▶ **Exercise description**: Exactly as written, set down each line of the data below except its pictures.

▶ **Working data**:
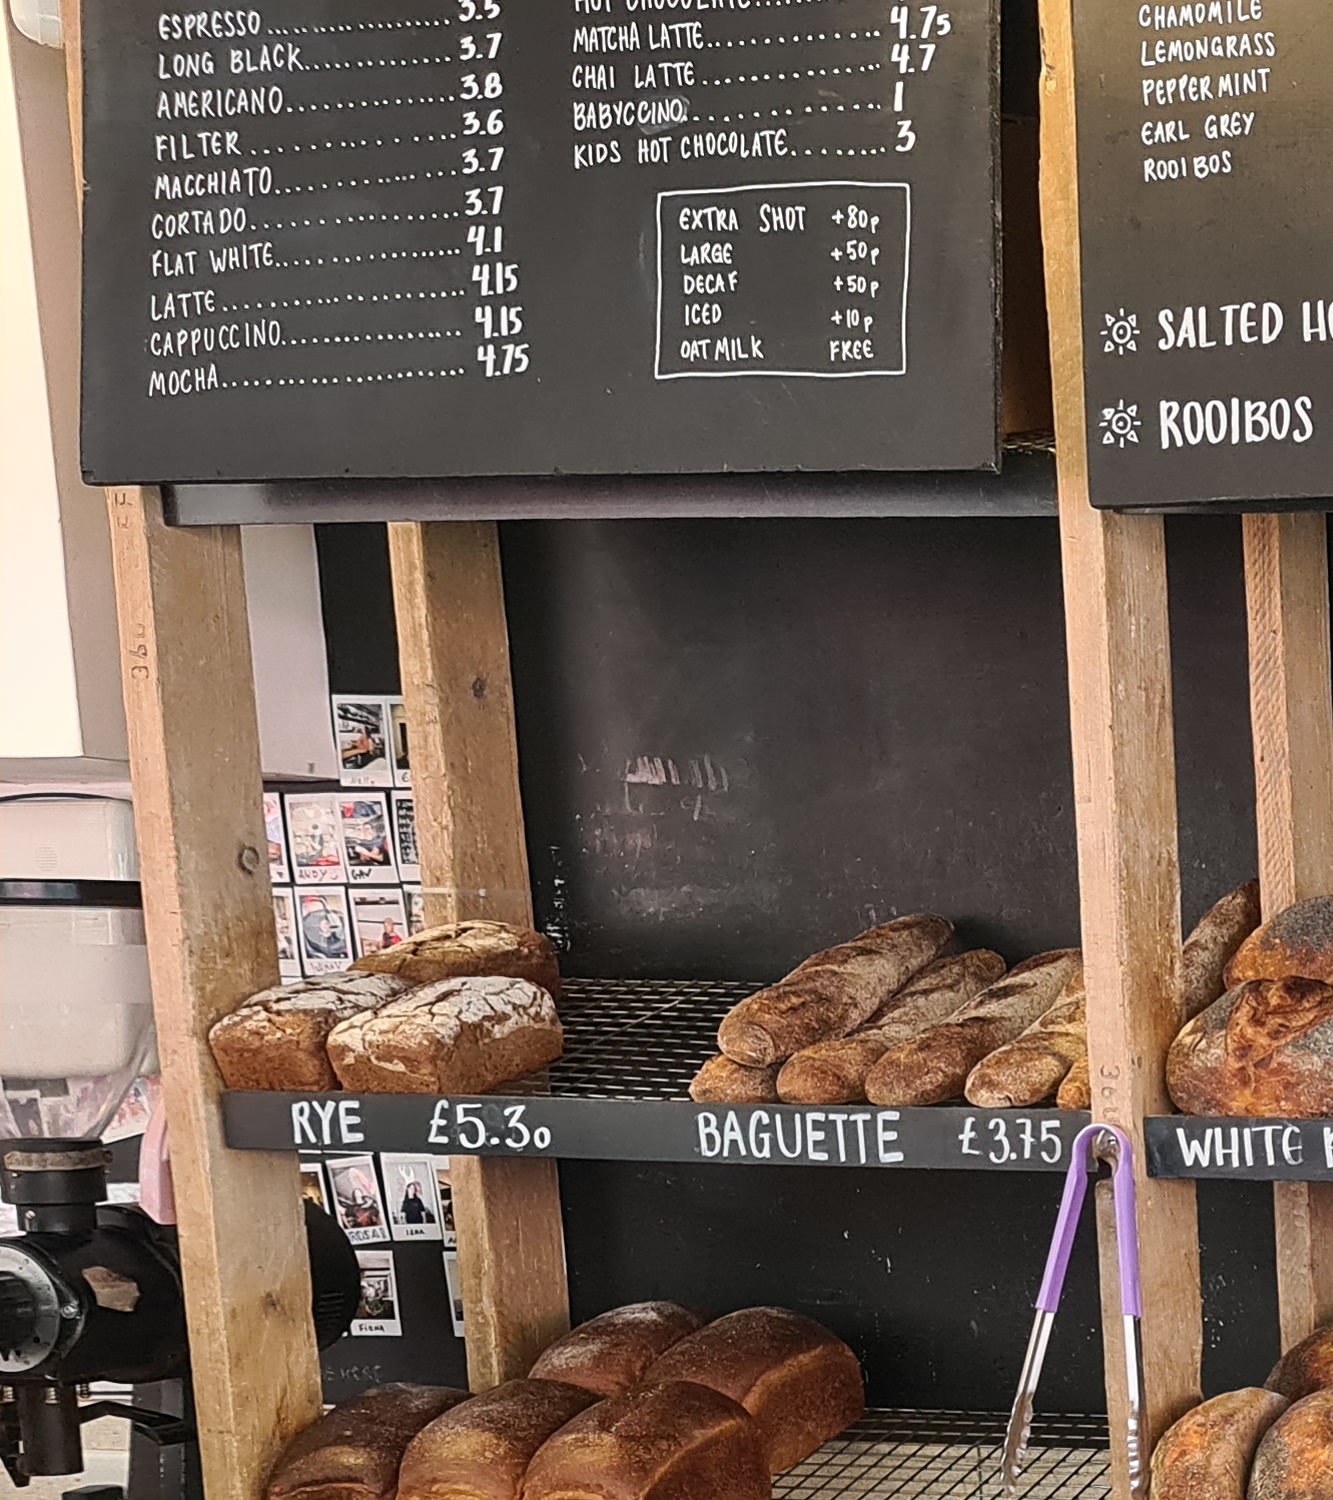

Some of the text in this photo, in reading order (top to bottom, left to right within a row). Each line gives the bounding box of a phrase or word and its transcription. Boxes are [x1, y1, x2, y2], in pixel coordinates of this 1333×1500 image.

[159, 0, 501, 41] ESPRESSO 3.5
[572, 6, 952, 54] MATCHA LATTE 4.75
[1139, 0, 1263, 28] CHAMOMILE
[158, 32, 503, 80] LONG BLACK 3.7
[572, 44, 936, 90] CHAI LATTE 4.7
[1141, 33, 1276, 67] LEMONGRASS
[157, 72, 504, 119] AMERICANO 3.8
[573, 81, 904, 131] BABYCCINO 1
[1142, 69, 1271, 106] PEPPERMINT
[155, 109, 505, 162] FILTER 3.6
[574, 120, 916, 169] KIDS HOT CHOCOLATE 3
[1141, 112, 1255, 146] EARL GREY
[155, 147, 505, 200] MACCHIATO 3.7
[1144, 150, 1233, 182] ROOIBOS
[151, 186, 505, 240] CORTADO 3.7
[679, 206, 739, 231] EXTRA
[759, 204, 806, 232] SHOT
[151, 225, 503, 278] FLAT WHITE 4.1
[680, 242, 733, 265] LARGE
[151, 263, 519, 322] LATTE 4.15
[684, 272, 738, 294] DECAF
[150, 306, 524, 357] CAPPUCCINO 4.15
[685, 304, 722, 325] ICED
[1157, 302, 1284, 350] SALTED
[149, 343, 530, 397] MOCHA 4.75
[830, 340, 874, 361] FREE
[1159, 396, 1314, 449] ROOIBOS
[292, 1099, 552, 1151] RYE £5.30
[697, 1110, 1062, 1164] BAGUETTE £3.75
[1175, 1126, 1305, 1169] WHITE

▶ **Task output**:
Some of the text in this photo, in reading order (top to bottom, left to right within a row). Each line gives the bounding box of a phrase or word and its transcription. Boxes are [x1, y1, x2, y2], in pixel coordinates of this 1333×1500 image.

[159, 0, 501, 41] ESPRESSO 3.5
[572, 6, 952, 54] MATCHA LATTE 4.75
[1139, 0, 1263, 28] CHAMOMILE
[158, 32, 503, 80] LONG BLACK 3.7
[572, 44, 936, 90] CHAI LATTE 4.7
[1141, 33, 1276, 67] LEMONGRASS
[157, 72, 504, 119] AMERICANO 3.8
[573, 81, 904, 131] BABYCCINO 1
[1142, 69, 1271, 106] PEPPERMINT
[155, 109, 505, 162] FILTER 3.6
[574, 120, 916, 169] KIDS HOT CHOCOLATE 3
[1141, 112, 1255, 146] EARL GREY
[155, 147, 505, 200] MACCHIATO 3.7
[1144, 150, 1233, 182] ROOIBOS
[151, 186, 505, 240] CORTADO 3.7
[679, 206, 739, 231] EXTRA
[759, 204, 806, 232] SHOT
[151, 225, 503, 278] FLAT WHITE 4.1
[680, 242, 733, 265] LARGE
[151, 263, 519, 322] LATTE 4.15
[684, 272, 738, 294] DECAF
[150, 306, 524, 357] CAPPUCCINO 4.15
[685, 304, 722, 325] ICED
[1157, 302, 1284, 350] SALTED
[149, 343, 530, 397] MOCHA 4.75
[830, 340, 874, 361] FREE
[1159, 396, 1314, 449] ROOIBOS
[292, 1099, 552, 1151] RYE £5.30
[697, 1110, 1062, 1164] BAGUETTE £3.75
[1175, 1126, 1305, 1169] WHITE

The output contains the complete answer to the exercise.